▶ _Required action_
Any picture in the listing is left out of the copy; all else is duplicated exactly.

****************************************

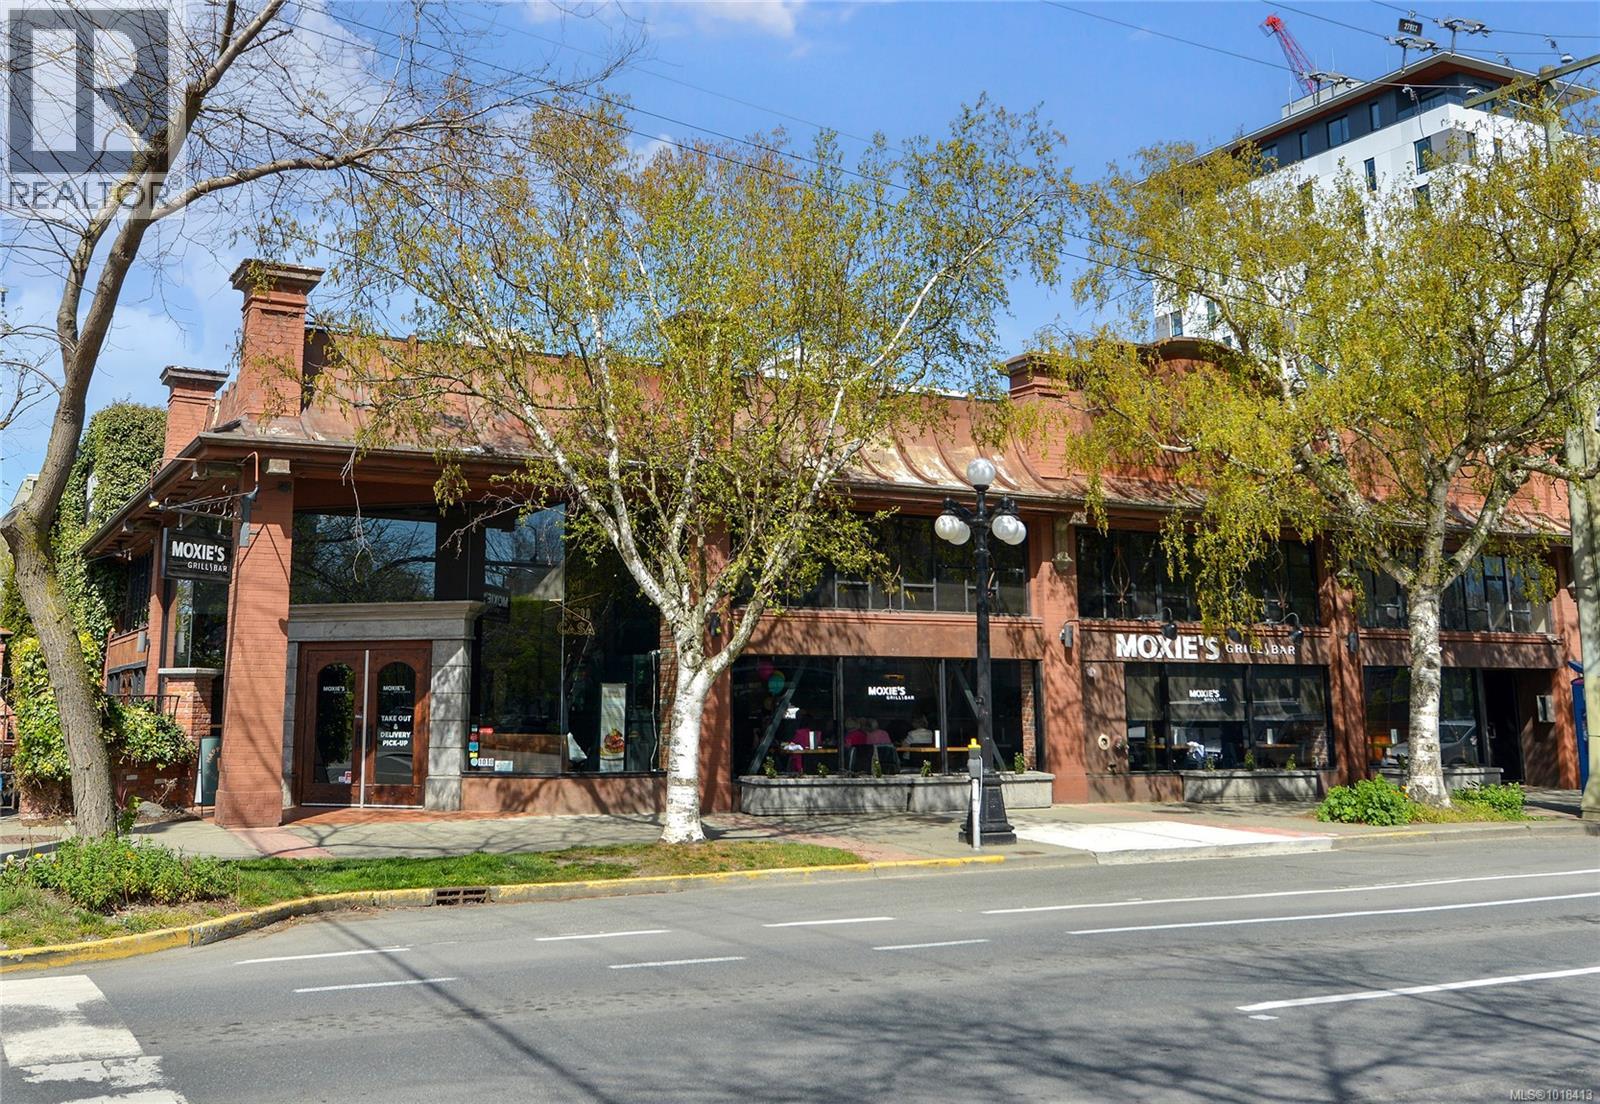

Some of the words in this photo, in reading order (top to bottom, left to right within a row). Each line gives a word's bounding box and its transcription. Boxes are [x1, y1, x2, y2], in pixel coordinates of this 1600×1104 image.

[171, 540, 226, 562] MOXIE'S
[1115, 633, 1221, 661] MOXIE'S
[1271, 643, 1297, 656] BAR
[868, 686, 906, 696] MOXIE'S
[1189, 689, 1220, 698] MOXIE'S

****************************************

▶ _Solution for this exercise_
Some of the words in this photo, in reading order (top to bottom, left to right within a row). Each line gives a word's bounding box and its transcription. Boxes are [x1, y1, x2, y2], in pixel coordinates of this 1600×1104 image.

[171, 540, 226, 562] MOXIE'S
[1115, 633, 1221, 661] MOXIE'S
[1271, 643, 1297, 656] BAR
[868, 686, 906, 696] MOXIE'S
[1189, 689, 1220, 698] MOXIE'S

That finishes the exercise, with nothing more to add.